Language that often resonates:
- “The charitable deduction didn’t go away, it just requires more intentional planning than before.”
- “Some years, giving reduces taxes. Other years, it doesn’t, but that doesn’t mean it isn’t part of a smart long-term plan.”
- “A donor-advised fund lets you make the tax decision now and the charitable decisions over time.”
- “The goal isn’t to give more. It’s to give more intentionally.”
These conversations don’t require tax expertise. They require knowing when to ask the question.
The Advisor Takeaway
OBBBA didn’t eliminate the value of charitable planning; it raised the bar for how thoughtfully it’s applied.
Advisors don’t need perfect answers or detailed calculations at their fingertips. What matters most is recognizing when charitable giving intersects with broader planning goals and being confident enough to start the conversation.
When the situation calls for deeper analysis, support matters. Ren’s charitable strategists work alongside advisors to identify those moments, model the options, and help clients act before the window closes. When the situation is simpler, clarity and good judgment go a long way.
Charitable planning still belongs at the table, just with a more intentional seat.
FAQs
Does OBBBA mean I should stop bringing up charitable giving with most clients? Not at all. It does mean the conversation should be more targeted. Rather than raising charitable planning with every client annually, focus on the clients experiencing high-income years, liquidity events, or significant asset diversification.

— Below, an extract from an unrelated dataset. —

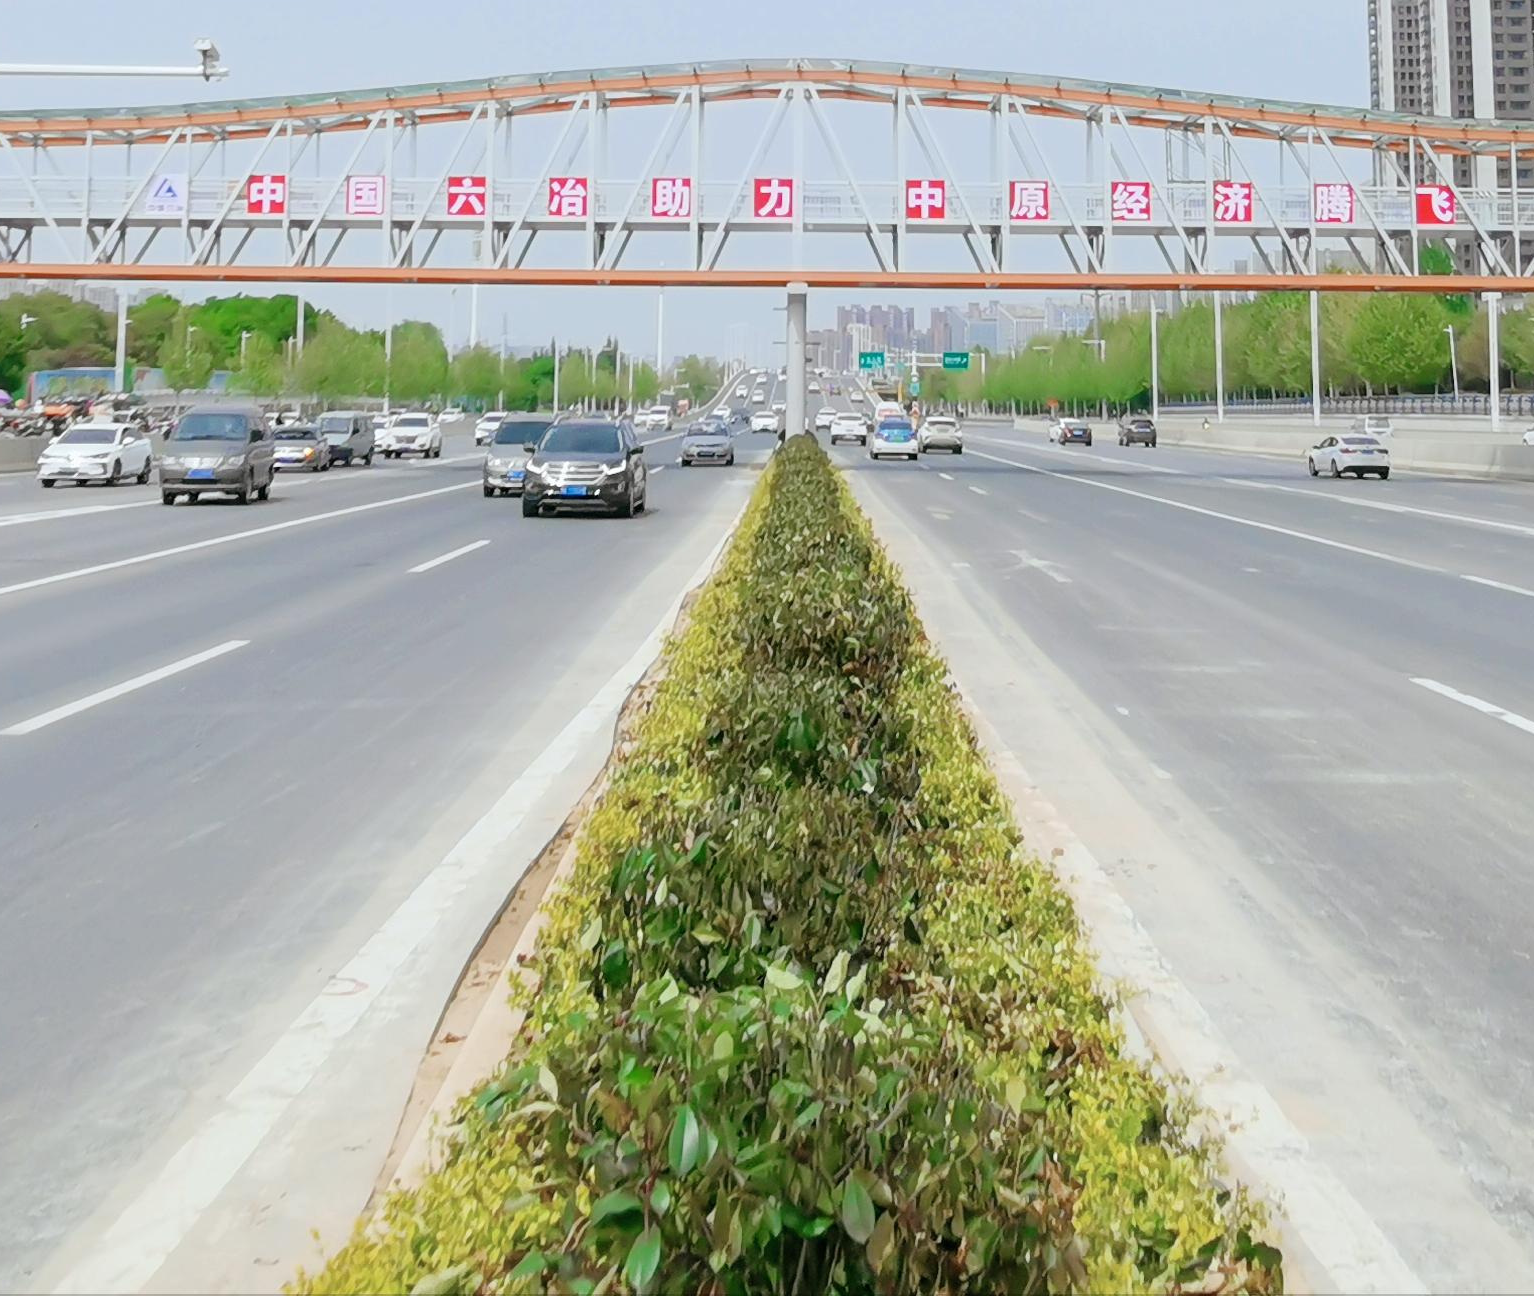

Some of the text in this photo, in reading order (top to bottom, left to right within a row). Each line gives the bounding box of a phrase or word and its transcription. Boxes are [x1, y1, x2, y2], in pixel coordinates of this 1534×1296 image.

Those are the moments where the deduction is most likely to matter, and where a donor-advised fund can do the most work.
My client gives to charity every year but rarely itemizes. Is there anything left to offer them? Yes. The bunching strategy is specifically designed for this situation. By accumulating two or three years of giving into a single contribution to a donor-advised fund, a client can clear the itemization threshold in one year, take a meaningful deduction, and then grant to their favorite charities over the following years on the timeline they prefer. The giving doesn’t change, just the tax structure around it.
When clients ask if the charitable deduction “still exists,” what’s the simplest accurate answer? Tell them yes, it exists, and for the right clients in the right years, it still creates real tax savings. What changed is that it’s no longer automatic for everyone. That’s actually an opportunity for advisors: clients who used to assume giving was handled can now benefit from having an advisor who helps them time it right. A donor-advised fund is usually the tool that makes that possible.